Exercise goal. All the data that follows should be repeated exactly, without a single picture.
-- Data excerpts follows --
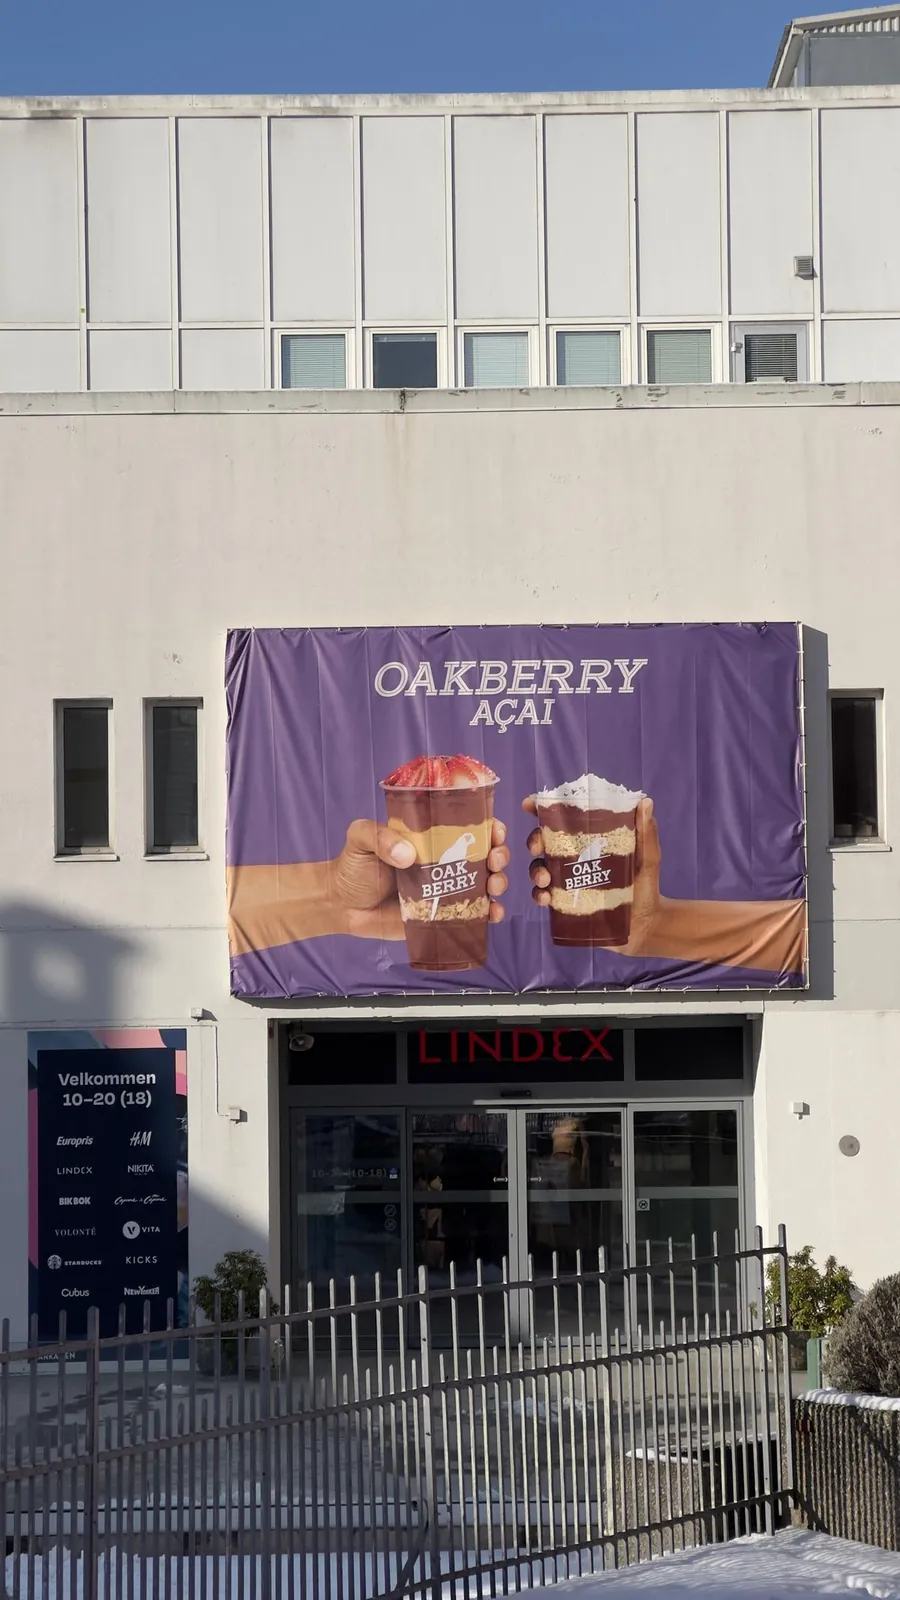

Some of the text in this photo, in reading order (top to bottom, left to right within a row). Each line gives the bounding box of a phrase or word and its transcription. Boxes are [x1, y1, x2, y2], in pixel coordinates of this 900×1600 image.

[374, 658, 648, 697] OAKBERRY
[469, 698, 555, 733] AÇAI
[430, 860, 468, 881] OAK
[572, 859, 602, 877] OAK
[421, 871, 478, 898] BERRY
[564, 869, 612, 890] BERRY
[418, 1026, 613, 1063] LINDEX
[58, 1072, 156, 1086] Velkommen
[120, 1089, 152, 1108] (18)
[56, 1136, 93, 1147] Europris
[56, 1167, 93, 1175] LINDEX
[127, 1164, 155, 1173] NIKITA
[54, 1226, 97, 1237] VOLONTÉ
[125, 1256, 158, 1265] KICKS
[61, 1288, 90, 1297] Cubus
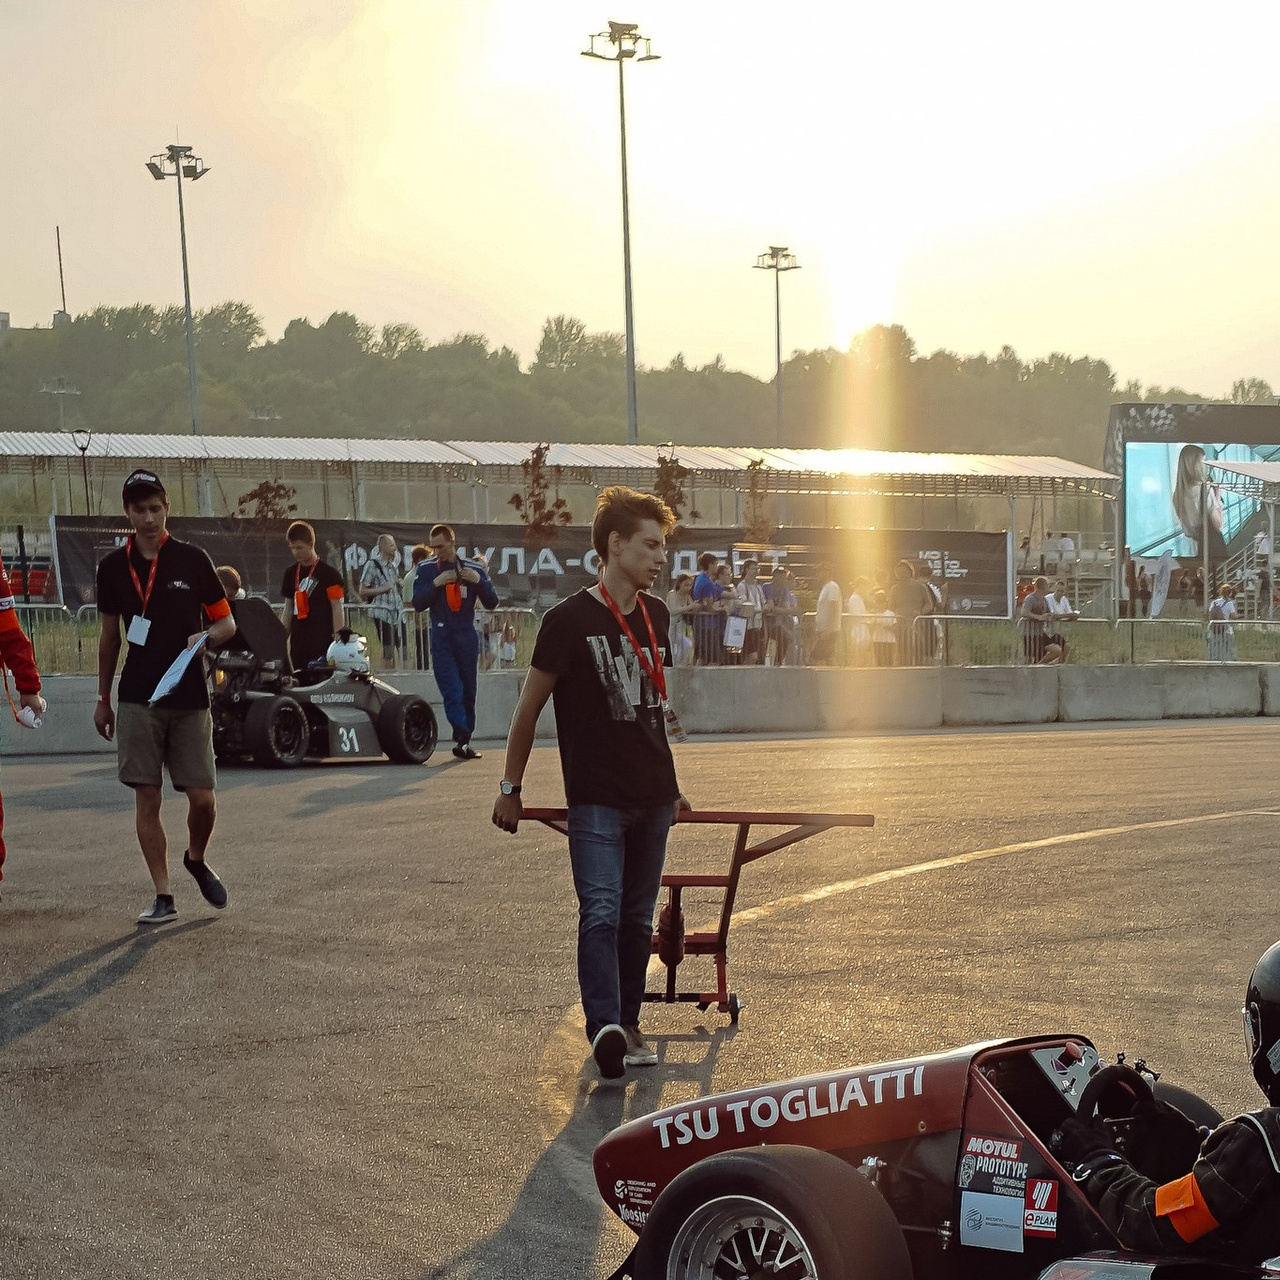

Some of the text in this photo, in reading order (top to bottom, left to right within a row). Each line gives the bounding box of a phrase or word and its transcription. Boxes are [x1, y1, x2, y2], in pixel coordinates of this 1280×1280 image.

[339, 727, 360, 752] 31
[652, 1065, 924, 1149] TSU TOGLIATTI
[967, 1137, 1018, 1159] MOTUL
[976, 1156, 1028, 1179] PROTOTYPE
-- Data excerpts concluded --
Solved exercise.
Some of the text in this photo, in reading order (top to bottom, left to right within a row). Each line gives the bounding box of a phrase or word and its transcription. Boxes are [x1, y1, x2, y2], in pixel coordinates of this 900×1600 image.

[374, 658, 648, 697] OAKBERRY
[469, 698, 555, 733] AÇAI
[430, 860, 468, 881] OAK
[572, 859, 602, 877] OAK
[421, 871, 478, 898] BERRY
[564, 869, 612, 890] BERRY
[418, 1026, 613, 1063] LINDEX
[58, 1072, 156, 1086] Velkommen
[120, 1089, 152, 1108] (18)
[56, 1136, 93, 1147] Europris
[56, 1167, 93, 1175] LINDEX
[127, 1164, 155, 1173] NIKITA
[54, 1226, 97, 1237] VOLONTÉ
[125, 1256, 158, 1265] KICKS
[61, 1288, 90, 1297] Cubus

Some of the text in this photo, in reading order (top to bottom, left to right within a row). Each line gives the bounding box of a phrase or word and its transcription. Boxes are [x1, y1, x2, y2], in pixel coordinates of this 1280×1280 image.

[339, 727, 360, 752] 31
[652, 1065, 924, 1149] TSU TOGLIATTI
[967, 1137, 1018, 1159] MOTUL
[976, 1156, 1028, 1179] PROTOTYPE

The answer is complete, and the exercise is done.